Notice: The reproducibility variables underlying each score are classified using an automated LLM-based pipeline, validated against a manually labeled dataset. LLM-based classification introduces uncertainty and potential bias; scores should be interpreted as estimates. Full accuracy metrics and methodology are described in Coakley et alK. L. Coakley, T. Snelleman, H. Hoos, and O. E. Gundersen, "The embrace of open science: An analysis of a decade of AI research and 56 800 conference papers," Under Review, 2026..

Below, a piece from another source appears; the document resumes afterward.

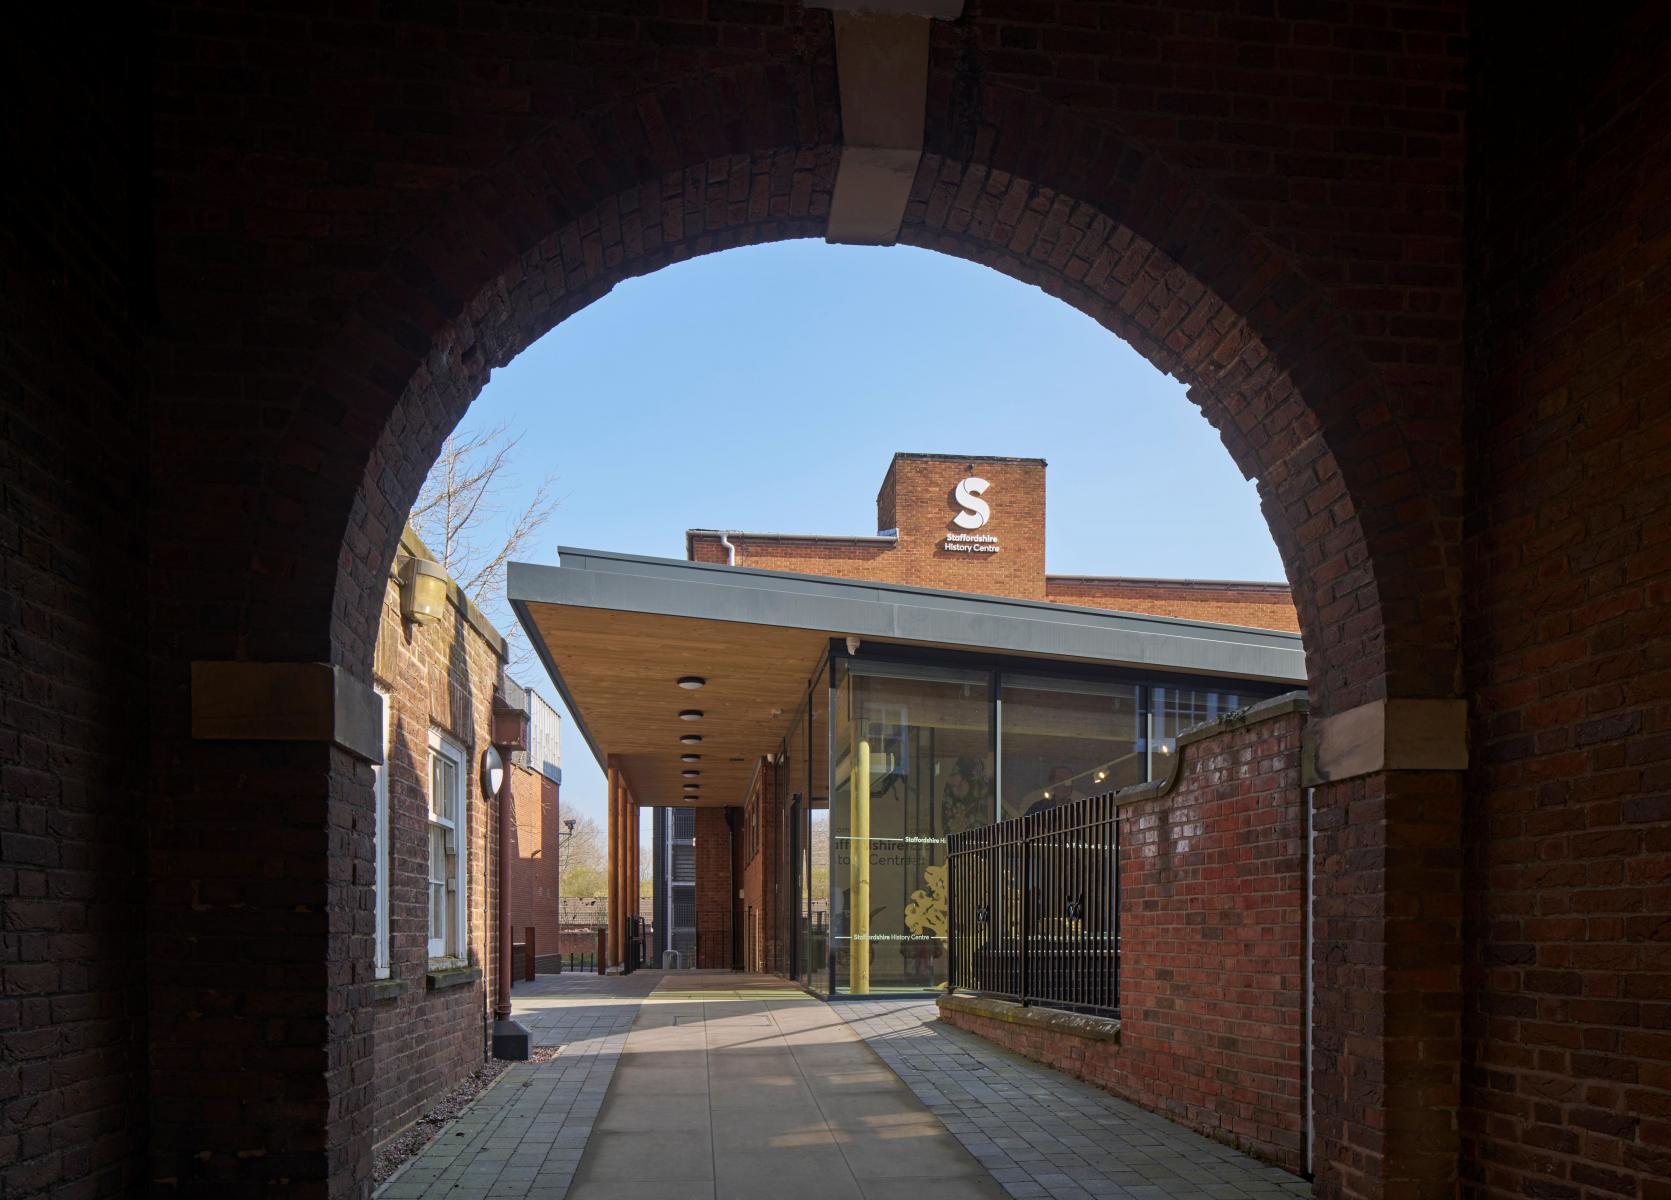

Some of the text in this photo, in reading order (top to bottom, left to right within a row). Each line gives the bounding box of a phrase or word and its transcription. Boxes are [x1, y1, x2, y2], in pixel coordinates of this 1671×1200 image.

[954, 477, 990, 529] S
[947, 534, 997, 543] Staffordshire
[945, 543, 1000, 553] History Centre
[905, 836, 940, 844] Staffordshire

Multi-Fidelity Multi-Objective Bayesian Optimization: An Output Space Entropy Search Approach

Authors: Syrine Belakaria, Aryan Deshwal, Janardhan Rao Doppa10035-10043

AAAI 2020 | Venue PDF | LLM Run Details

Reproducibility Variable Result LLM Response
Research Type Experimental Our experiments on several synthetic and real-world benchmark problems show that MF-OSEMO, with both approximations, significantly improves over the state-of-the-art single-fidelity algorithms for multi-objective optimization.
Researcher Affiliation Academia Syrine Belakaria, Aryan Deshwal, Janardhan Rao Doppa School of EECS, Washington State University EMAIL
Pseudocode Yes Algorithm 1 MF-OESMO Algorithm
Open Source Code No The paper mentions employing code for baselines from the BO library Spearmint, providing a link to its GitHub repository (https://github.com/HIPS/Spearmint/tree/PESM). However, it does not state that the source code for the proposed MF-OSEMO method is open-source or publicly available.
Open Datasets Yes Synthetic benchmarks. We construct two synthetic benchmark problems using a combination of commonly employed benchmark functions for multi-fidelity and single-objective optimization 2, and two of the known general MO benchmarks (Habib, Singh, and Ray 2019). Their complete details are provided in Table 2. Footnote 2: https://www.sfu.ca/ ssurjano/optimization.html. We consider a design space of No C dataset consisting of 1024 implementation of a network-on-chip (Che et al. 2009).
Dataset Splits No The paper does not provide specific training/validation/test dataset splits with percentages, sample counts, or citations to predefined splits. It describes initialization of models and continuous evaluation on benchmark problems rather than a fixed split methodology for model evaluation.
Hardware Specification No The paper does not provide specific details about the hardware used to run the experiments, such as exact GPU/CPU models, processor types, or memory amounts.
Software Dependencies No The paper mentions using 'MF-GP models', 'squared exponential (SE) kernels', 'Spearmint' for baselines, and 'NSGA-II algorithm'. However, it does not provide specific version numbers for any of these software components or libraries.
Experiment Setup Yes The hyper-parameters are estimated after every 5 function evaluations. We initialize the MF-GP models for all functions by sampling initial points at random from a Sobol grid. We Initialise each of the lower fidelities with 5 points and the highest fidelity with only one point.